No qual Daisuke se reconecta com amigos.

Em mais uma das infinitas noites fazendo companhia a Haruka, Daisuke aproveitava para deletar as conversas de Hana do seu celular. Tentava respeitar a privacidade dela, mas não podia deixar de notar pequenas curiosidades. A maioria dos contatos eram grupos: “Apartamento dos meninos videogame”, “Trigêmeas”, “Tio Rick e primos”. Aparentemente a família de Constantino não conseguia por as mãos em celulares individuais. Ou talvez fosse proposital. Não havia como saber que regras arbitrárias que o patriarca impunha à família. O contato de Bárbara fora renomeado de “SPAM INTERNET FIBRA ÓTICA NÃO ATENDER” para simplesmente “Bárbara”. Daisuke o deixou assim. Supôs que, agora que Haruka era mais cautelosa com o irmão, as chances de Akihito ficar sabendo das ligações ocasionais dela eram mínimas.
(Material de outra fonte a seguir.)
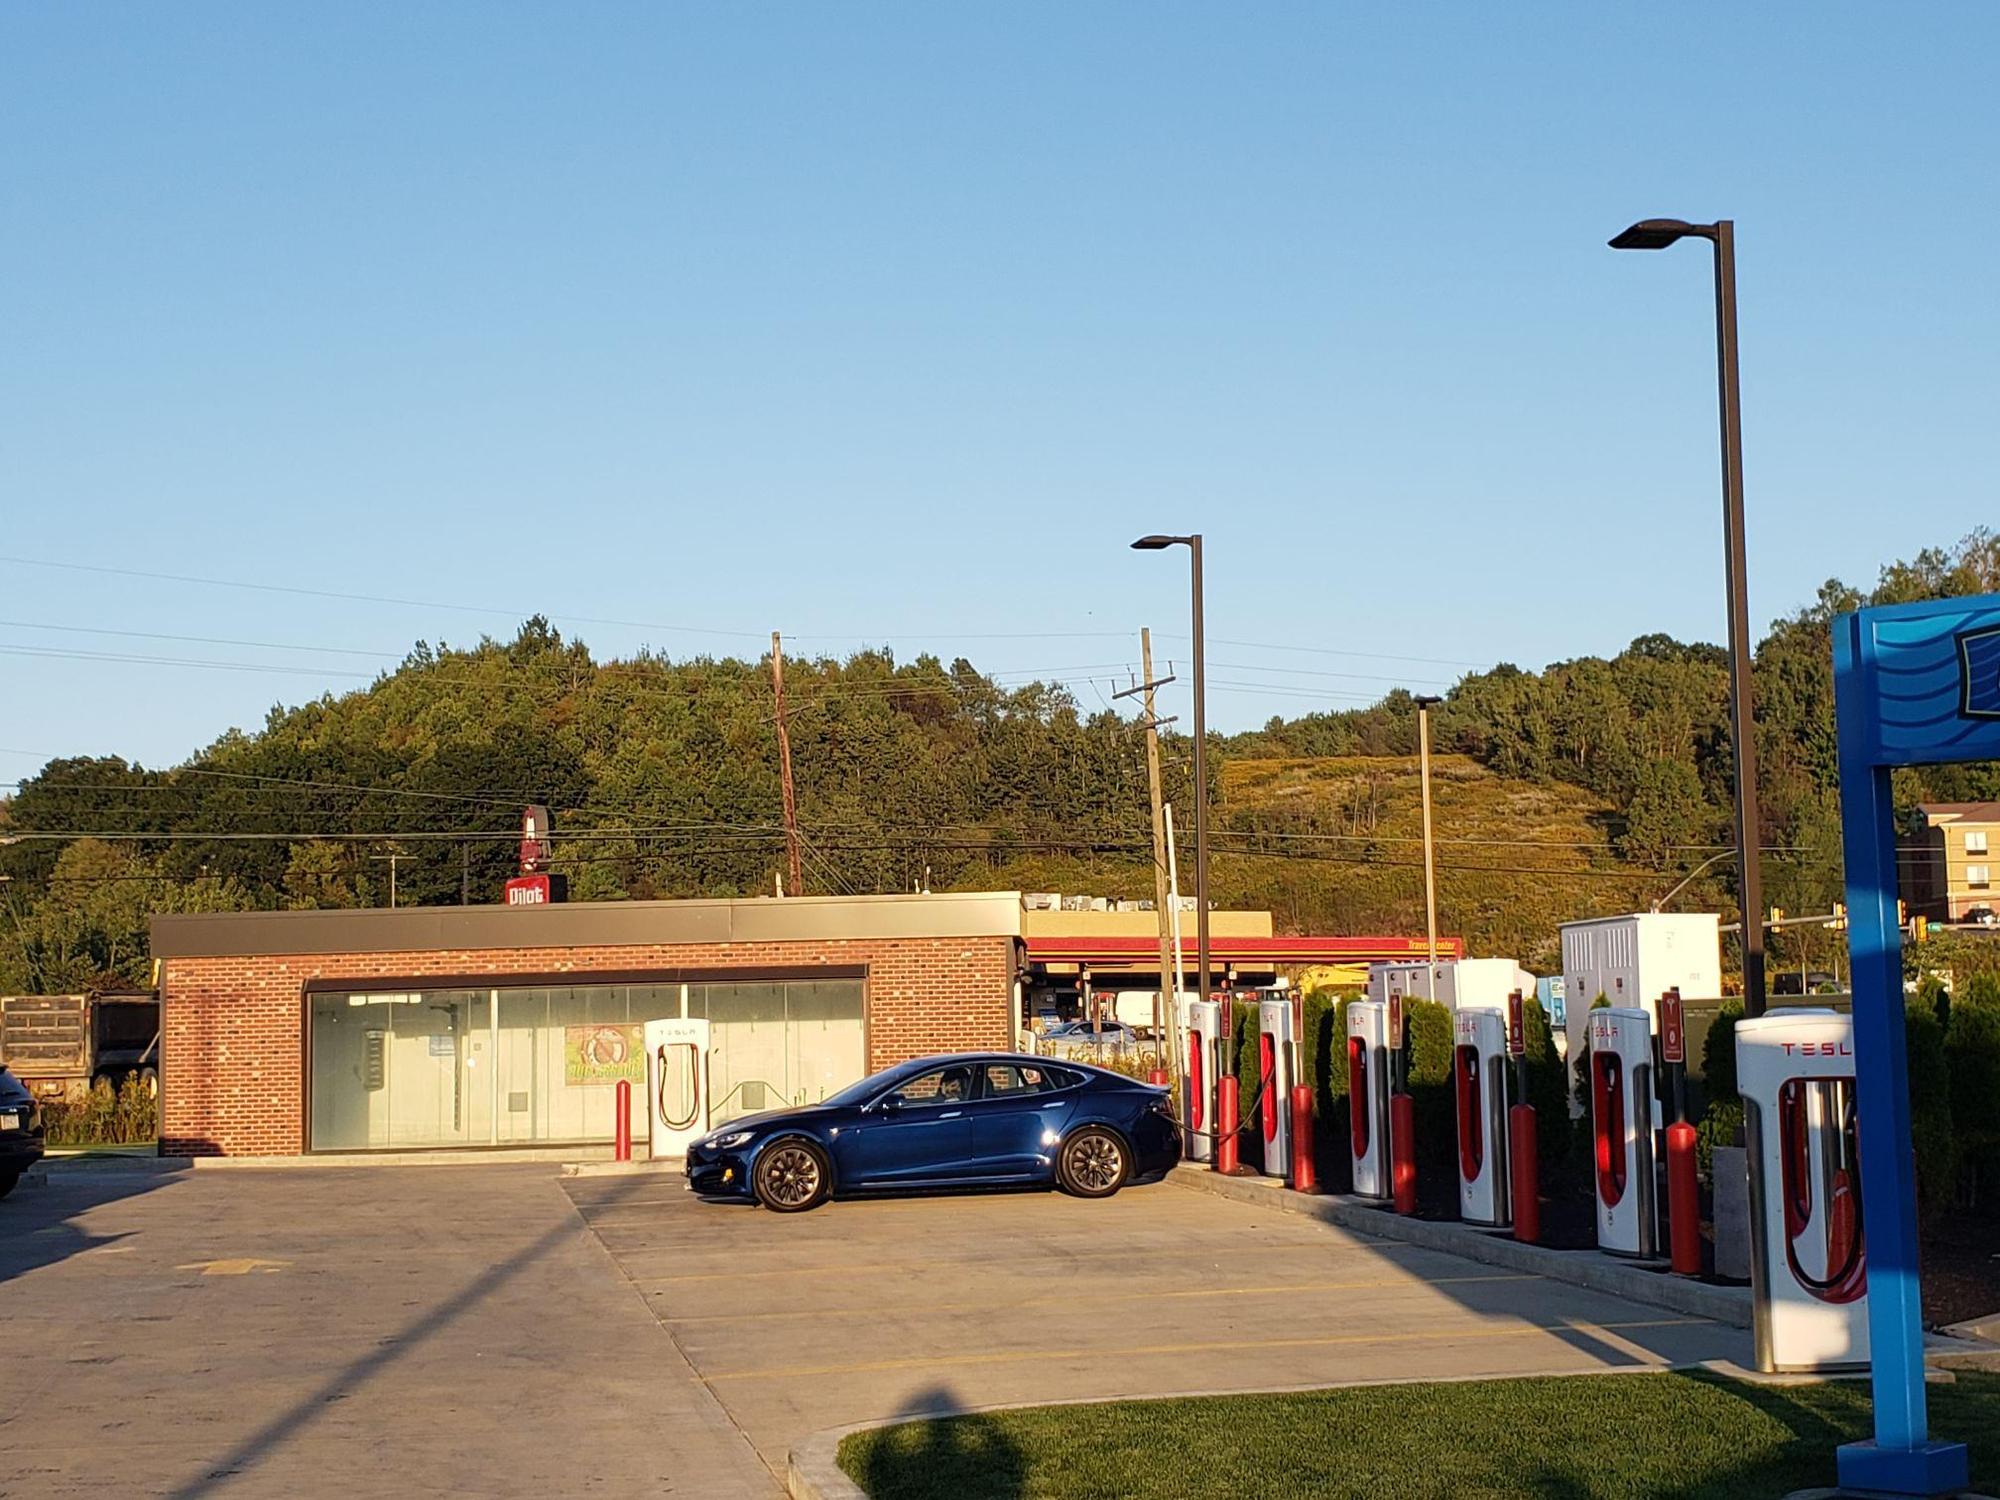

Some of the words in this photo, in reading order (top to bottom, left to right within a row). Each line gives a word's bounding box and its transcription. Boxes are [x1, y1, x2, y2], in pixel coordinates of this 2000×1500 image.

[509, 886, 544, 906] Pilot
[1408, 940, 1431, 950] Trave
[1434, 940, 1456, 950] enter
[659, 1028, 696, 1037] TESLA
[1781, 1042, 1852, 1056] TESL
Depois de algum debate interno — apesar de não muito — Daisuke abriu a conversa. Ficou aliviado de não encontrar nenhuma convocação alarmante como “meu pai quer vê-la” ou “tenho um trabalho pra você”. Bárbara pedia que Hana passasse muitos recados às trigêmeas, aparentemente o celular coletivo delas ficava em casa, e quando saíam era mais fácil usar Hana como intermediária. Também havia uma lista frequente o suficiente de pequenas tarefas: roupas a serem recolhidas na lavagem a seco, pacotes para serem entregues para os “primos”, turnos de guarda na fronteira com Wilson. Esse último era o mais preocupante, mas dificilmente indicava que Hana fora exposta a uma vida de violência. Wilson podia ser estranho, mas fazia décadas que ele e Constantino não tinham uma briga de verdade.
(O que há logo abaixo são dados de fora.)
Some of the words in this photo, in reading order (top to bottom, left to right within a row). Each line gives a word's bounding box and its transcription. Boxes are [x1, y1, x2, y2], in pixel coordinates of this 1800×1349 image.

Talvez a constatação mais surpreendente tenha sido que Nathalie e Hana haviam trocado mensagens. Nathalie aparentemente estranhara o seu silêncio, e sua primeira hipótese havia sido que Haruka confiscara o celular de Daisuke. Hana então se apresentara. Elas haviam trocado mais algumas mensagens depois disso, coisas rápidas e um pouco tímidas, um pouco como Daisuke se lembrava do seu reencontro com Nathalie. A diferença é que ele e Nathalie haviam tido anos de amizade pra encorajá-los a vencer o estranhamento de socializar com vampiros de uma gangue diferente. Em dois anos Hana e Nathalie haviam trocado um total de 14 mensagens, iniciadas por comentários como “eu acho que te vi na rua”, “você era policial?” e “a família do Constantino é legal com você?”. Ficou tocado por esse último. Nathalie demonstrara cuidado pela sua cria! Não haviam conversado muito, mas era mais do que Daisuke havia falado com qualquer subordinado de Akihito, por exemplo.

Daisuke:

Durante a minha ausência você renomeou o contato para “Hana”?
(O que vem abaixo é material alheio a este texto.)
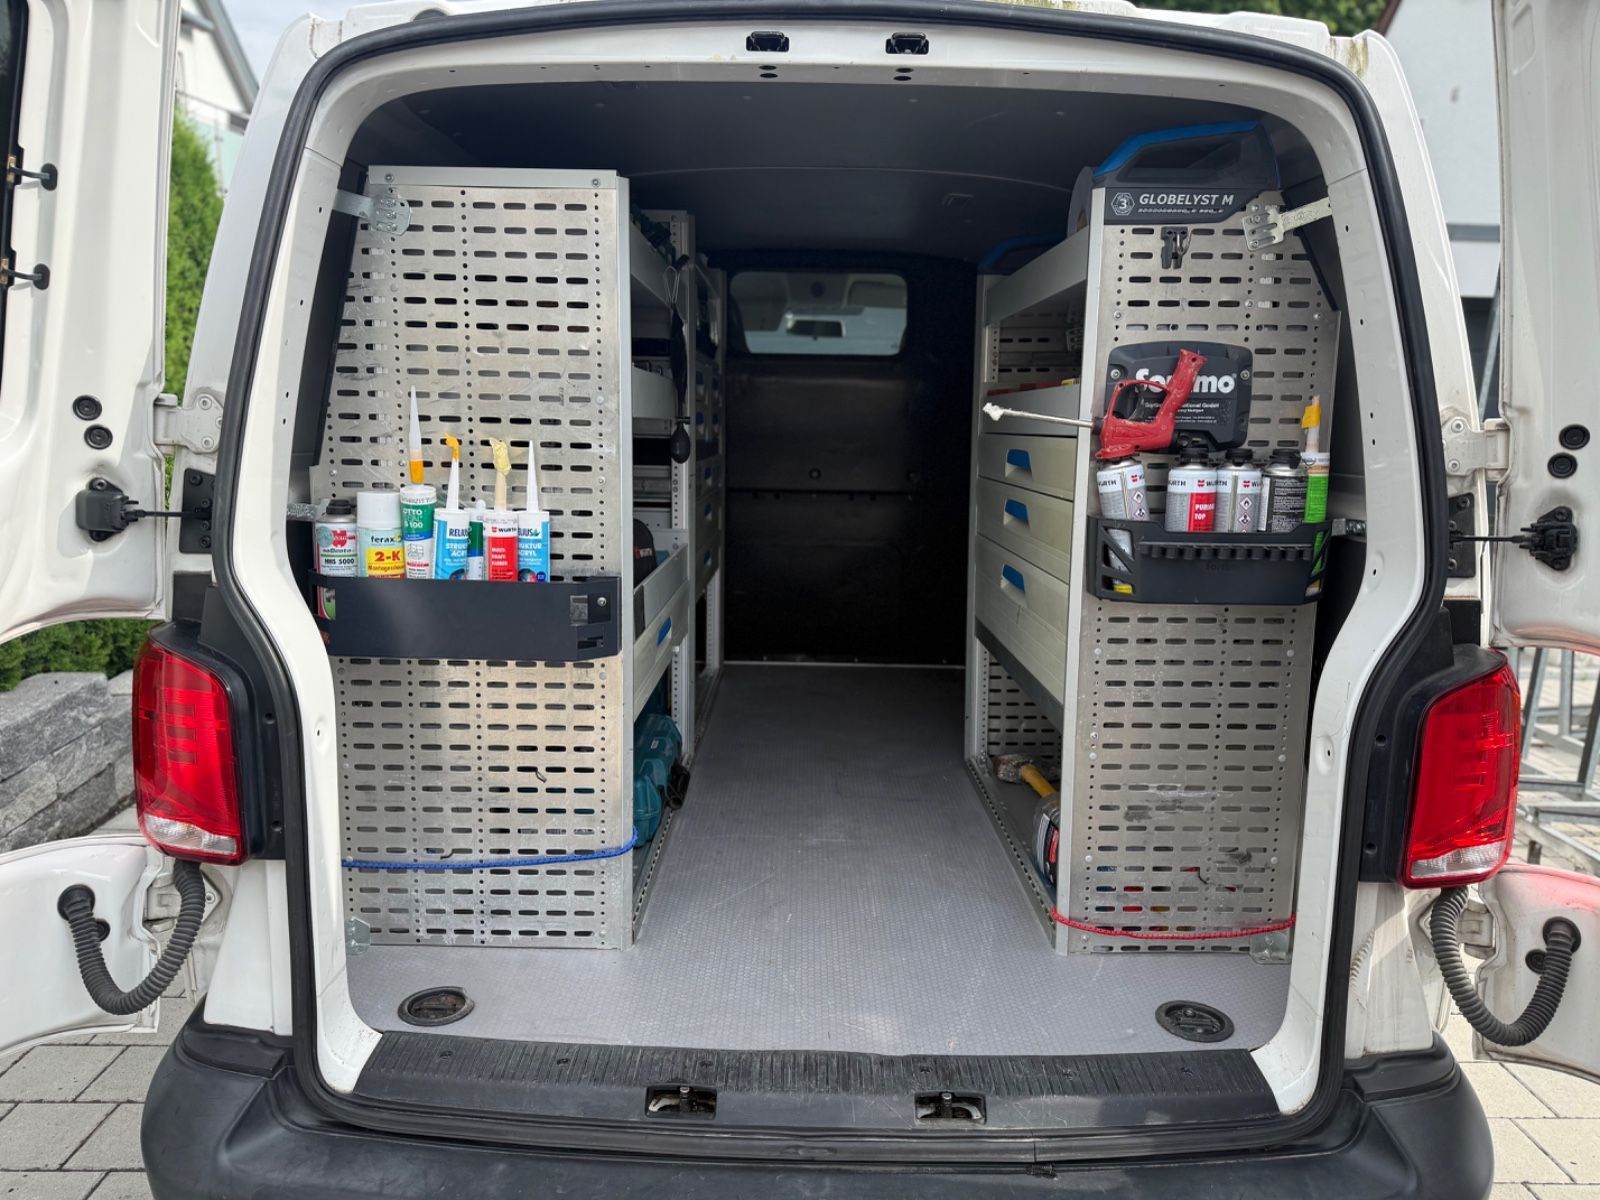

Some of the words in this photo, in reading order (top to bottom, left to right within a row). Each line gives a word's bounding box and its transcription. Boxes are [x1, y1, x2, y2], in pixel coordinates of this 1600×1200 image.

A resposta de Nathalie veio imediatamente, o que o surpreendeu, mas também o deixou feliz.

Nathalie:

Daisuke!

Você voltou!!!

Daisuke:

Voltei.

Ele hesitou antes de fazer a próxima pergunta. Era um tópico delicado pra se falar por mensagem, mas ele achou que perguntar seria uma demonstração de que se importava.

Daisuke:

Como você está?

Nathalie:

Ah, não muito diferente da última vez. Mas de certa forma melhor.

E você?

Para uma resposta tão curta, ela havia demorado bastante para digitar. Daisuke conseguia imaginá-la hesitando, talvez reescrevendo várias vezes, fosse pela carga emocional ou pelo sangue primário de Alana a impedindo de falar demais.

“Eu já estive melhor, mas…” começou a digitar, e então parou. Mas o quê? “Mas agora estou bem”? Não estava bem. Com certeza não estava mais morrendo de fome, definhando aos poucos numa sala acolchoada. Pelo menos deixara isso pra trás. E para fazê-lo, havia se submetido completamente a Haruka. Mesmo que decidisse que falara o que ela queria ouvir pra que ela o alimentasse, e que declarações de obediência e lealdade obtidas sob coerção não contavam, seu organismo conhecera a privação e a mera ideia de passar por isso de novo o fazia tremer e suar e começar a compor pedidos de desculpas para Haruka por ofensas reais e imaginadas. Em que tipo de definição doentia isso seria estar “bem”?

Daisuke:

Eu já estive melhor.

Eu queria conversar.

Nathalie:

Eu acho que ela vai me deixar.

Você tem uma data em mente?

Daisuke:

Eu ainda preciso pedir permissão.

Haruka me quer por perto, ainda não saí da vista dela desde que voltei.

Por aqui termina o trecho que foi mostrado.